Viel Liebe zur Natur und zu ihrem Partner hat Nele Wree dazu gebracht, als Rangerin auf der Hallig Süderoog zu leben und einige Entbehrungen dafür in Kauf zu nehmen.

Nele Wree lebt mit ihrem Partner Holger Spreer seit über einem Jahr auf der Hallig Süderoog als Rangerin. Die meiste Zeit des Jahres verbringt das Paar auf den 62 Hektar im schleswig-holsteinischen Wattenmeer recht einsam. Dafür haben die beiden umso mehr zu tun: Sie sind für den Küstenschutz zuständig, müssen ihren Hof in Schuss halten und kümmern sich um das Projekt Arche Hof. Ziel des Projekts ist es, alte Nutztierrassen zu erhalten, die durch die Massentierhaltung inzwischen gefährdet sind und auf der Roten Liste stehen. In ihrem Stall stehen zum Beispiel Coburger Fuchsschafe, Ramelsloher Hühner, Pommerngänse und Bronzeputen.
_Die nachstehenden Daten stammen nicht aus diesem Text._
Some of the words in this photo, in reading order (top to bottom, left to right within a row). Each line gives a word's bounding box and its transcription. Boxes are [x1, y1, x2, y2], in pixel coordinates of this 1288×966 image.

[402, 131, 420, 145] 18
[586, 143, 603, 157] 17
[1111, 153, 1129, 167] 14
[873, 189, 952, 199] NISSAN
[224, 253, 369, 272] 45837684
"Es war viel Interesse da an der Natur und an Tieren. Und alles andere ergibt sich irgendwie."
Nele Wree, Nationalparkwartin Süderoog

Um Süderoog einmal zu Fuß zu umrunden, braucht Nele eine gute Stunde. In den Sommermonaten bietet das Paar Touristen auf der Hallig Führungen an und erklärt, warum die Erhaltung der alten Nutztierrassen wichtig ist. Besonders romantisch veranlagte Pärchen können auf Süderoog auch heiraten. Die Hochzeitsgesellschaft samt Standesbeamten kommt zu Fuß übers Watt nach Süderoog gelaufen. Nele kocht dann für die Hochzeitsgesellschaft und kümmert sich um die Hochzeitszeremonie. Danach fährt sie die frisch Vermählten mit ihrem Boot zurück zur Insel Pellworm.
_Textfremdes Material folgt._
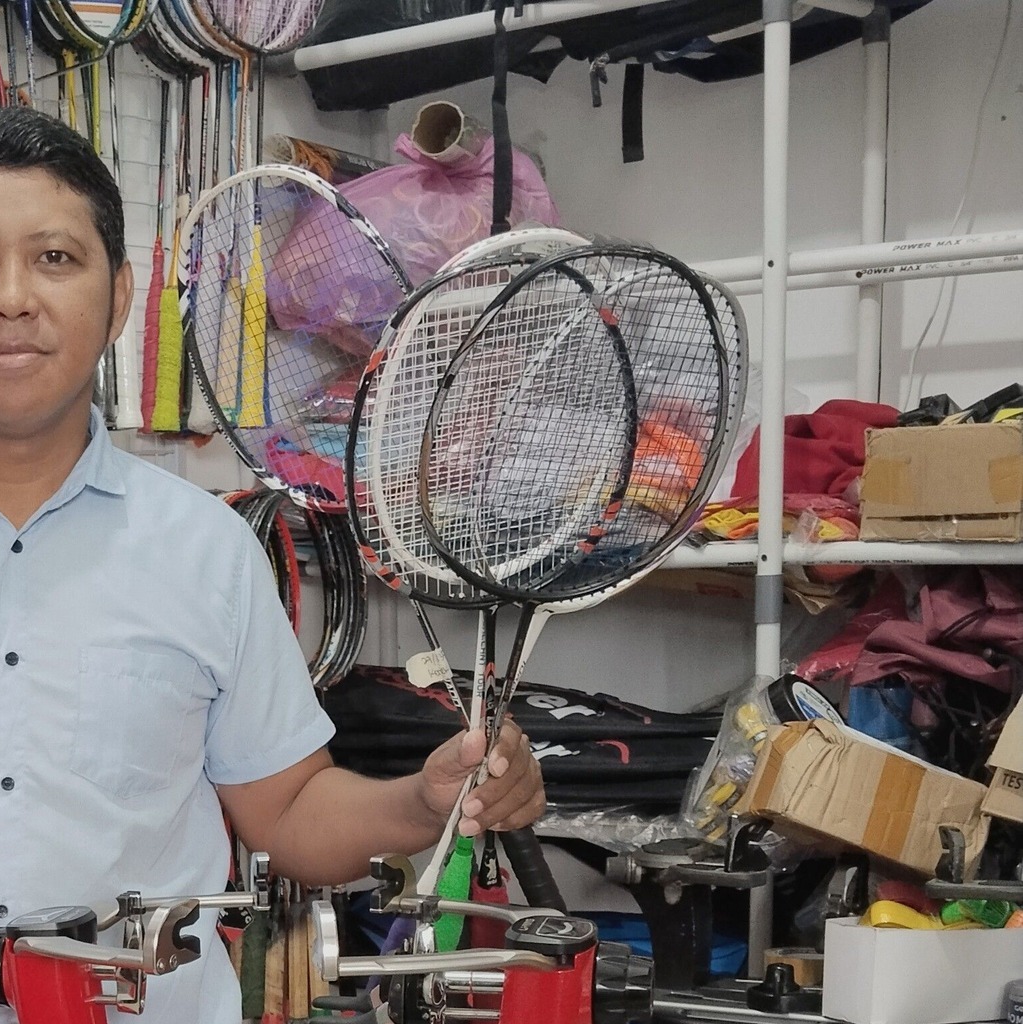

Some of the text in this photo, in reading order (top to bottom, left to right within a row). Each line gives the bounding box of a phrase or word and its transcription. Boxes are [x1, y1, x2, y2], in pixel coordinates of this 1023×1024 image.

[893, 242, 931, 251] POWER
[936, 239, 962, 247] MAX
[861, 267, 895, 276] POWER
[900, 264, 922, 272] MAX
"Es gibt ein paar Schwierigkeiten hier, wie man zum Beispiel ohne Strom zurecht kommt."
Nele Wree, Nationalparkwartin Süderoog

Eigentlich hatte Nele Kunstgeschichte studiert und arbeitete zuletzt in einem Architekturbüro in Hamburg. Ihre Entscheidung mit Anfang 30 als Nationalparkwartin nach Süderoog zu ziehen, hat sie sich wohl überlegt, denn ihre neuen Aufgaben hat sie nicht gelernt. "Learning by doing" - so findet sich Nele in ihren neuen Alltag ein und muss dabei auch lernen nur mit wenig Strom auszukommen. Mit ein paar Solarplatten können sie im Haus ein wenig Licht schaffen und ein paar Geräte bedienen. Ansonsten müssen sie das Notstromaggregat anwerfen, das mit Heizöl betrieben wird.